> [What is being asked] The records below must be written out exactly, with every picture left behind.

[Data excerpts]
+ + +

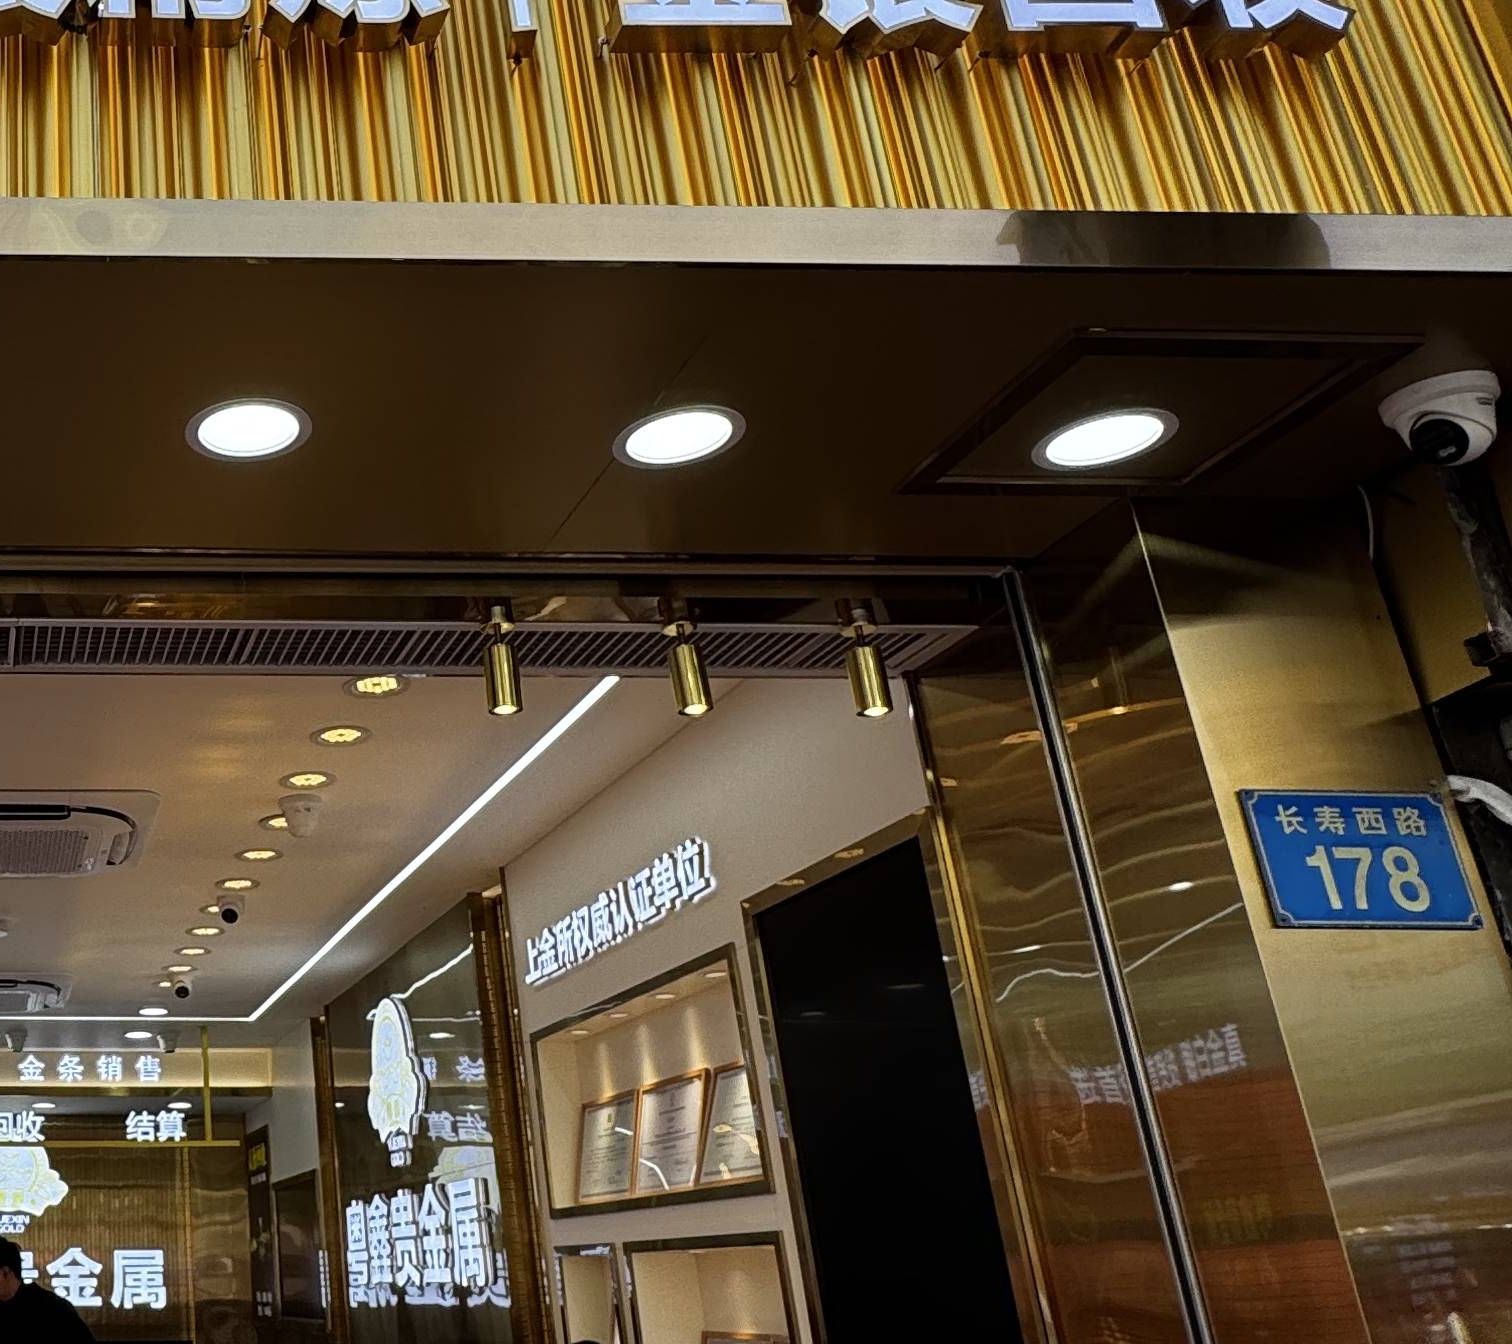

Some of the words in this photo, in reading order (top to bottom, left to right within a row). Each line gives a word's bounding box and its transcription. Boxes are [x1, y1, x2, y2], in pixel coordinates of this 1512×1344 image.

[1274, 804, 1428, 837] 长寿西路
[1304, 844, 1431, 913] 178
[18, 1053, 163, 1083] 金条销售
[124, 1110, 188, 1143] 结算
[345, 1177, 488, 1289] 粤鑫贵金属
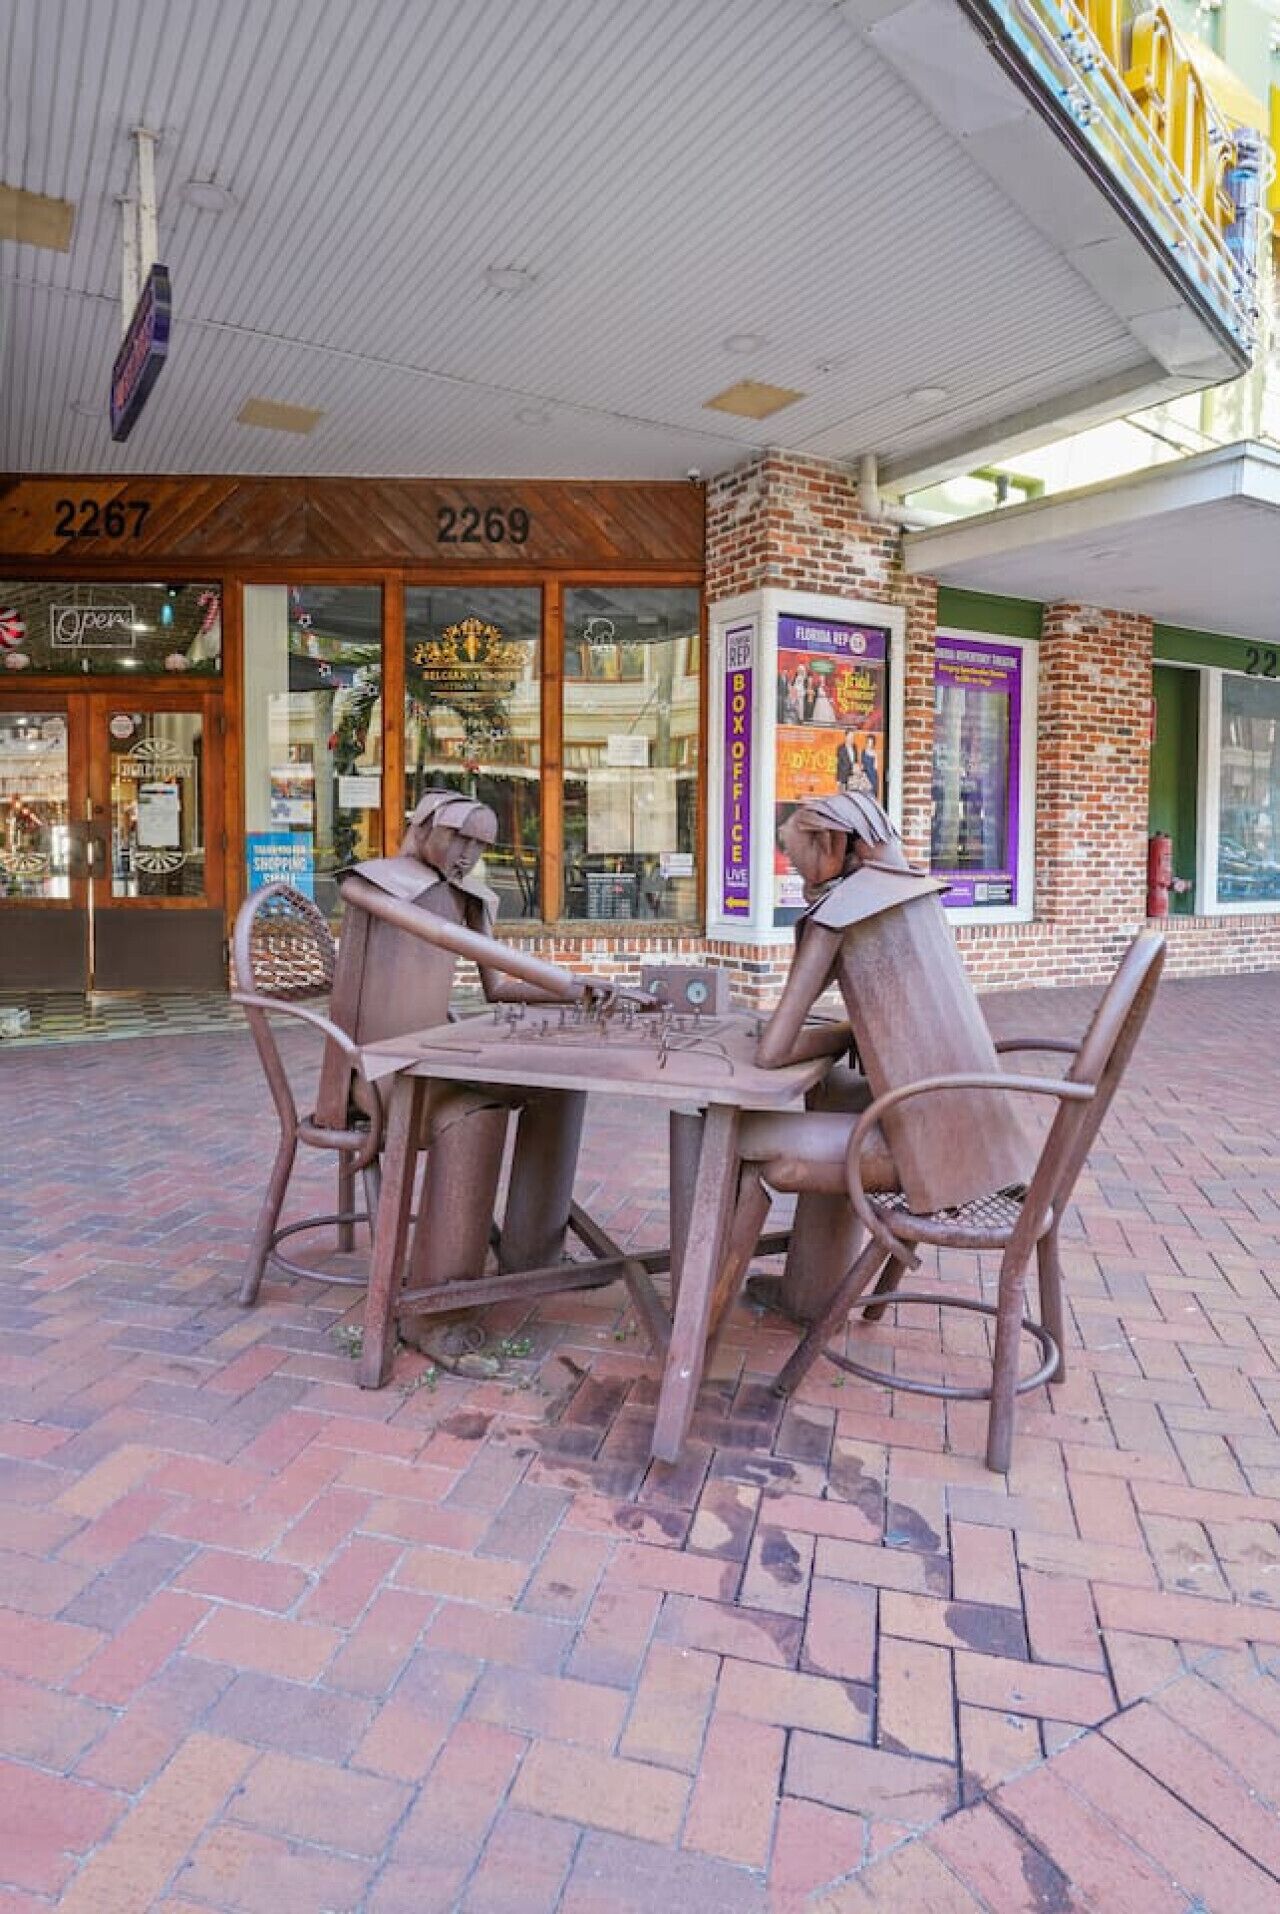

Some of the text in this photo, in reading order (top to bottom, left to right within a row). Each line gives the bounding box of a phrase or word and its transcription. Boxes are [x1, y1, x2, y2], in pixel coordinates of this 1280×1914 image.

[54, 499, 151, 538] 2267
[437, 506, 530, 544] 2269
[795, 625, 832, 644] FLORIDA
[732, 673, 746, 862] BOX OFFICE
[253, 856, 306, 872] SHOPPING
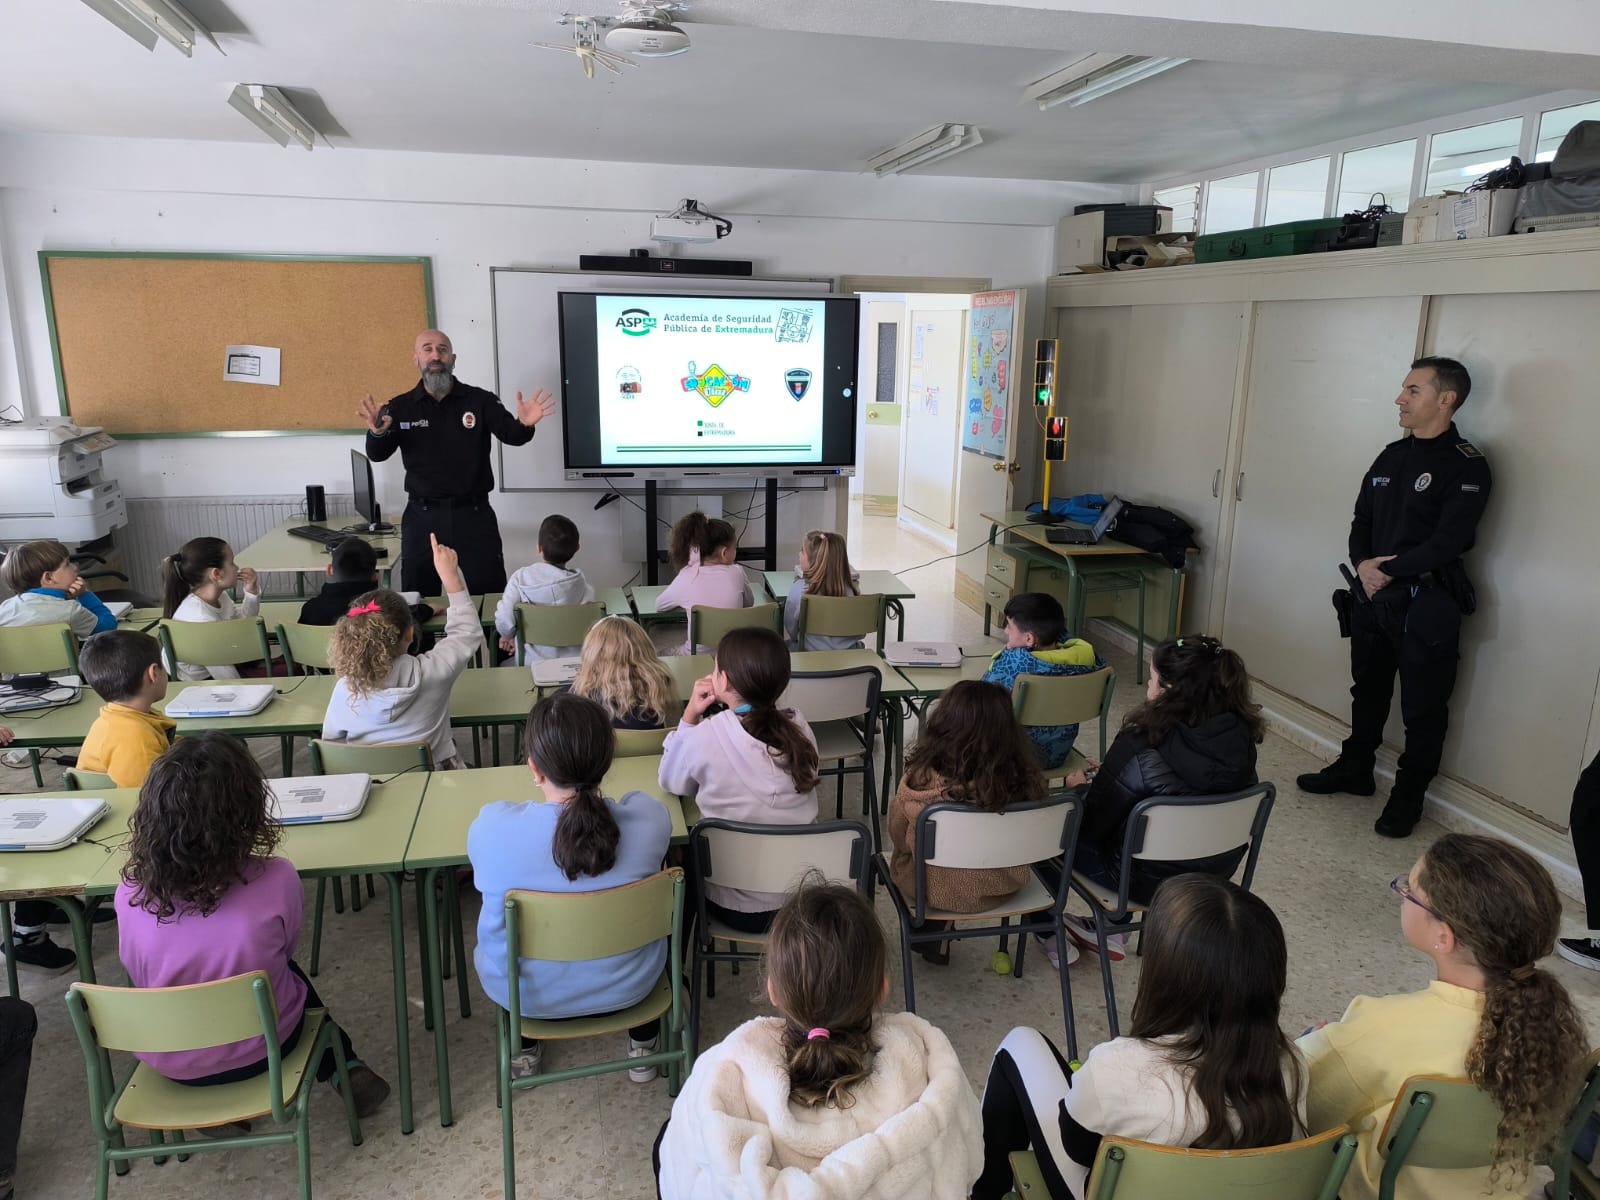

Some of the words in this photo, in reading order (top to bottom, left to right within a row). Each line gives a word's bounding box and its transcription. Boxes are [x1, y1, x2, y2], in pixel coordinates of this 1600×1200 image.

[712, 314, 723, 322] de
[663, 324, 698, 333] Pública
[700, 324, 712, 333] de
[715, 324, 774, 334] Extremadura
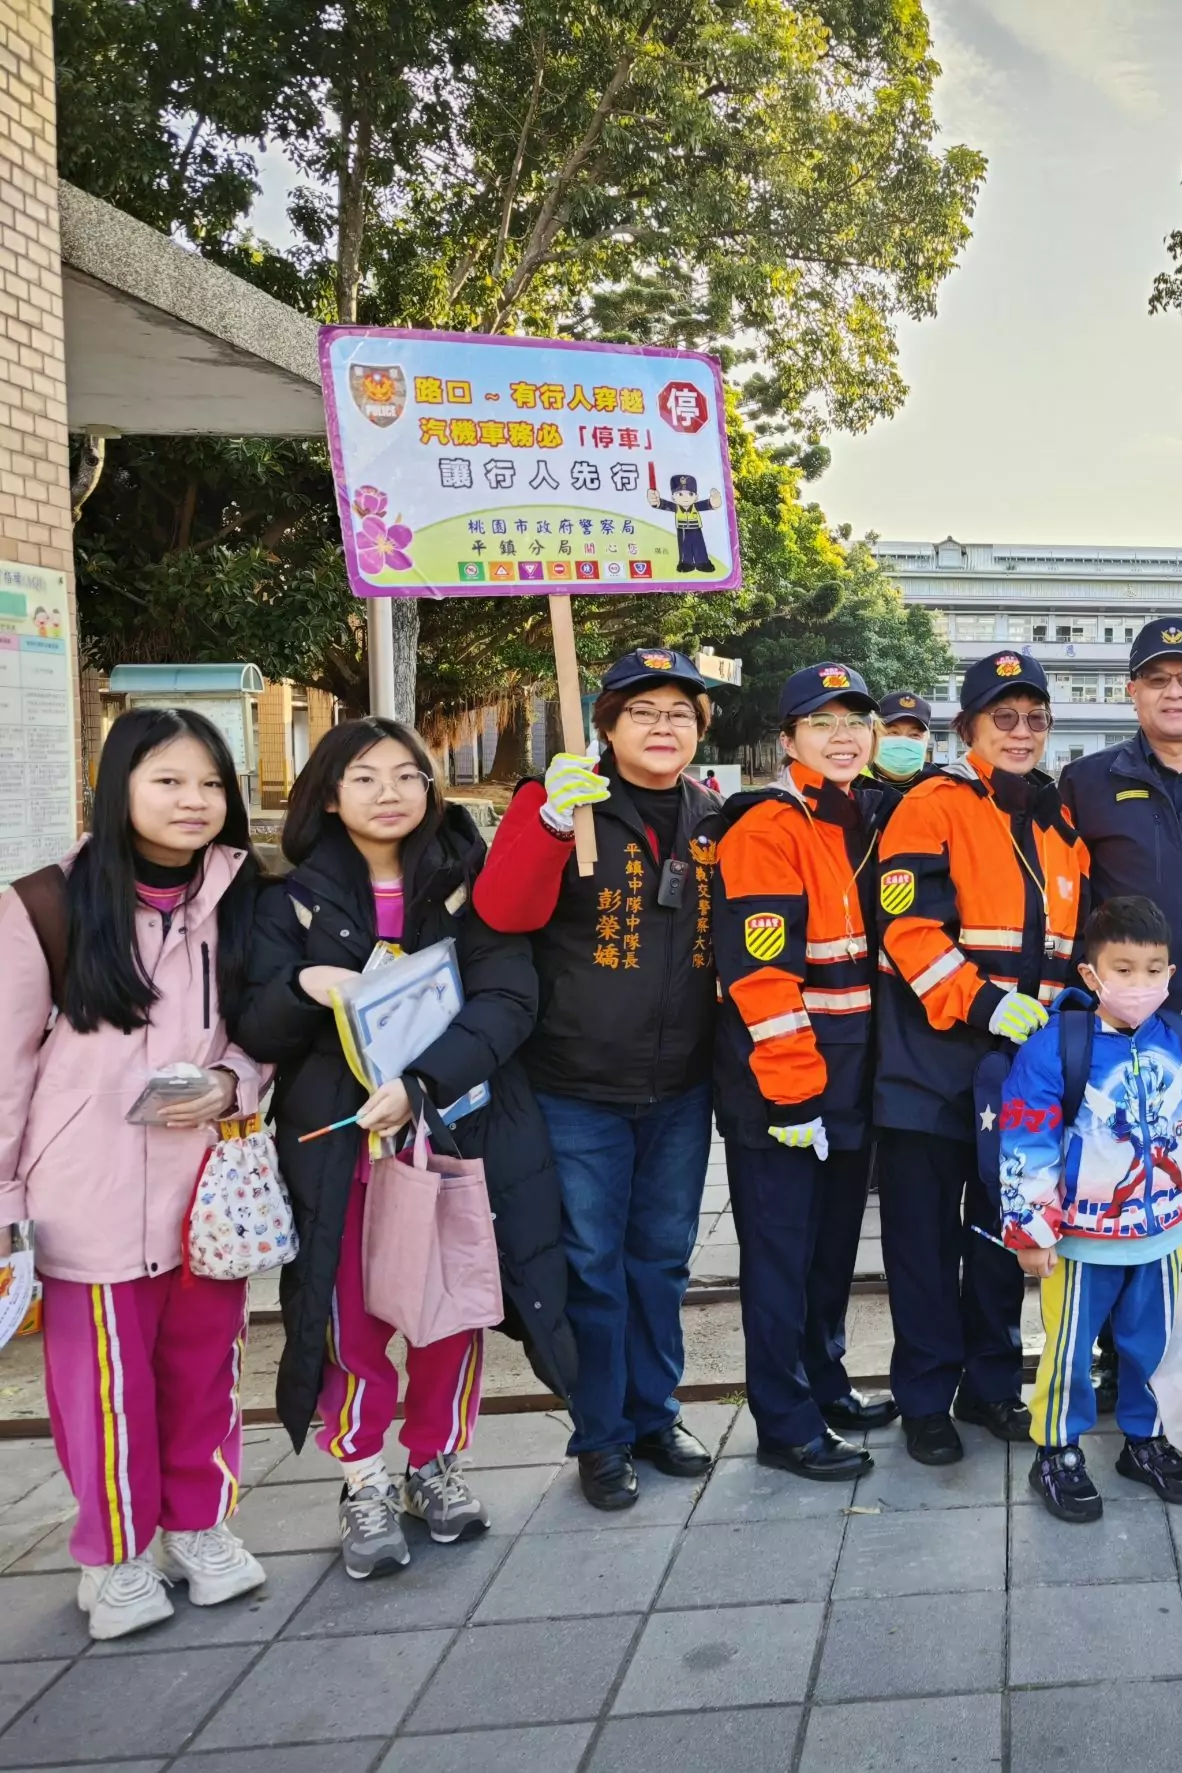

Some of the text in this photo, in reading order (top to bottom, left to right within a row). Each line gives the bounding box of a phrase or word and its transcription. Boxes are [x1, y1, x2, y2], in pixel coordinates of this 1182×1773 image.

[667, 388, 700, 427] 停
[438, 458, 640, 491] 讓行人先行
[468, 519, 636, 536] 桃園市政府警察局
[622, 843, 645, 970] 平鎮中隊中隊長
[592, 887, 623, 970] 彭榮嬌

+ + +

> [Reply to the task]
Some of the words in this photo, in reading order (top to bottom, left to right within a row). Each line gives a word's bounding box and its transcription. Boxes are [x1, y1, x2, y2], in pixel coordinates of this 1512×1344 image.

[1274, 804, 1428, 837] 长寿西路
[1304, 844, 1431, 913] 178
[18, 1053, 163, 1083] 金条销售
[124, 1110, 188, 1143] 结算
[345, 1177, 488, 1289] 粤鑫贵金属

Some of the text in this photo, in reading order (top to bottom, left to right within a row). Each line gives the bounding box of a phrase or word and its transcription. Boxes are [x1, y1, x2, y2], in pixel coordinates of this 1280×1914 image.

[54, 499, 151, 538] 2267
[437, 506, 530, 544] 2269
[795, 625, 832, 644] FLORIDA
[732, 673, 746, 862] BOX OFFICE
[253, 856, 306, 872] SHOPPING

Some of the words in this photo, in reading order (top to bottom, left to right within a row). Each line gives a word's bounding box and its transcription. Boxes are [x1, y1, x2, y2], in pixel coordinates of this 1600×1200 image.

[712, 314, 723, 322] de
[663, 324, 698, 333] Pública
[700, 324, 712, 333] de
[715, 324, 774, 334] Extremadura

Some of the text in this photo, in reading order (top to bottom, left to right within a row). Each line gives the bounding box of a phrase or word and its transcription. Boxes are [x1, y1, x2, y2], in pixel coordinates of this 1182×1773 image.

[667, 388, 700, 427] 停
[438, 458, 640, 491] 讓行人先行
[468, 519, 636, 536] 桃園市政府警察局
[622, 843, 645, 970] 平鎮中隊中隊長
[592, 887, 623, 970] 彭榮嬌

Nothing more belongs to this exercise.